In a small saucepan, combine the carrot, onion and habanero chiles with the vinegar and 1 cup water. Partially cover and simmer over medium-low heat until the carrots are thoroughly tender, about 10 minutes. Pour into a blender jar, add the roasted garlic, salt and sugar. Blend until smooth. Thin with a little additional water if you think your hot sauce is too thick. Taste and season with additional salt if you think necessary.
Pour into jars or bottles and store in the refrigerator until you're ready to add some dazzle to a dish.
How I turned this into Pineapple Habanero Hot Sauce:
I grilled half a pineapple, sprinkled with turbinado sugar and wizzed it up with the rest of the sauce. I tasted it and figured it needed more pineapple and added half a can of pineapple tidbits in juice that I had in the fridge. That seemed good, pineapple-wise. I also added a bit more vinegar. Just taste and adjust seasonings to your liking.
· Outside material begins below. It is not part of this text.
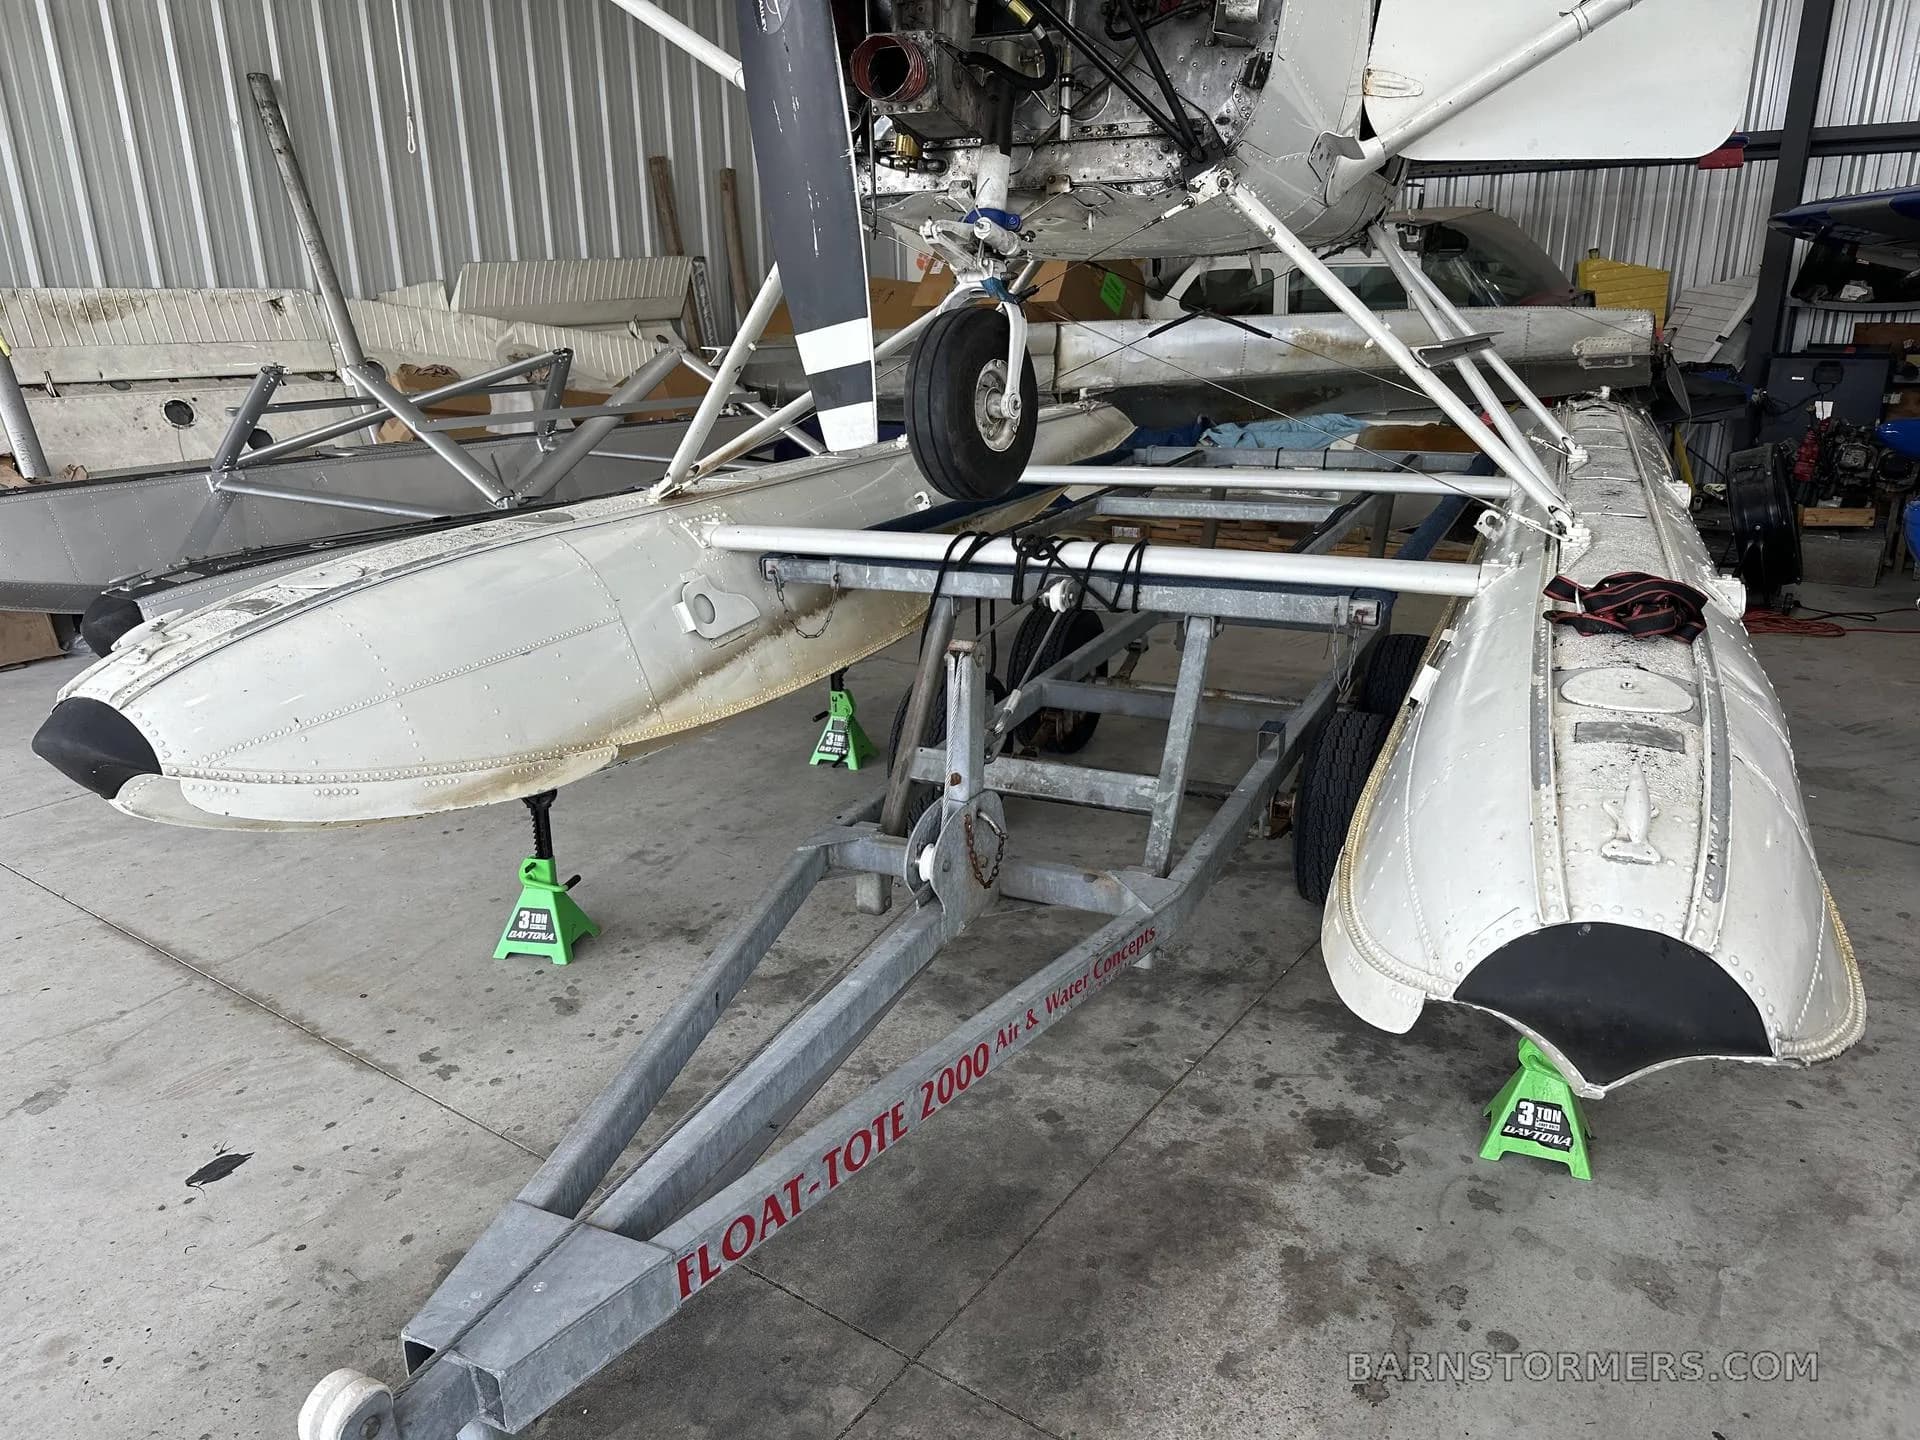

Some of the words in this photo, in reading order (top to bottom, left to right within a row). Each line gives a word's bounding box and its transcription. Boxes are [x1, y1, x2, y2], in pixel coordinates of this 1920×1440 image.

Heather also suggested I try my hand at this spicy vinegar condiment, seeing as I am on a pineapple and habanero kick. It's delicious!
Spicy Pineapple Vinegar
From Heather of Girlichef's Big, Fat Puerto Rican Meal
yield: ~4 c.
"A bottle of this spicy condiment is found on every table of every fonda in Puerto Rico. It is, easily, more popular than ketchup." ~Daisy
2 ripe pineapples
1/2 lg. Spanish onion, thinly sliced
20 cloves garlic, smashed and peeled
6 habañero chiles, stemmed & coarsely chopped
1 Tbs. cider vinegar, plus more as needed
1 Tbs. smashed fresh oregano leaves
1 tsp. black peppercorns
1/2 tsp. kosher or fine sea salt, plus more as needed
Peel the pineapples and set aside the peel for use. Save the pineapple for eating or use in something else. Put rinds in a pot large enough to hold them comfortably, pour in enough cold water to cover and bring to a boil over high heat. Adjust heat so liquid is at a gentle boil and cook until rinds are very tender, ~30 mins. If water dips below rinds, top off as necessary to keep them submerged.
Meanwhile, put onion, garlic, chiles, vinegar. oregano, peppercorns, and salt in a large jar (or two smaller) w/ tight fitting lid. Strain pineapple liquid into large measuring cup or bowl. Pour into the jar of seasonings. Taste and add a little salt or vinegar if you think it needs it. Can be used as soon as it cools, but will get better as it sits. Keep in fridge for up to 2 months.
*The vinegar is delicious! Funny that the garlic turns green/blue - I looked it up, it has something to do with trace amounts of sulfur and copper. No worries!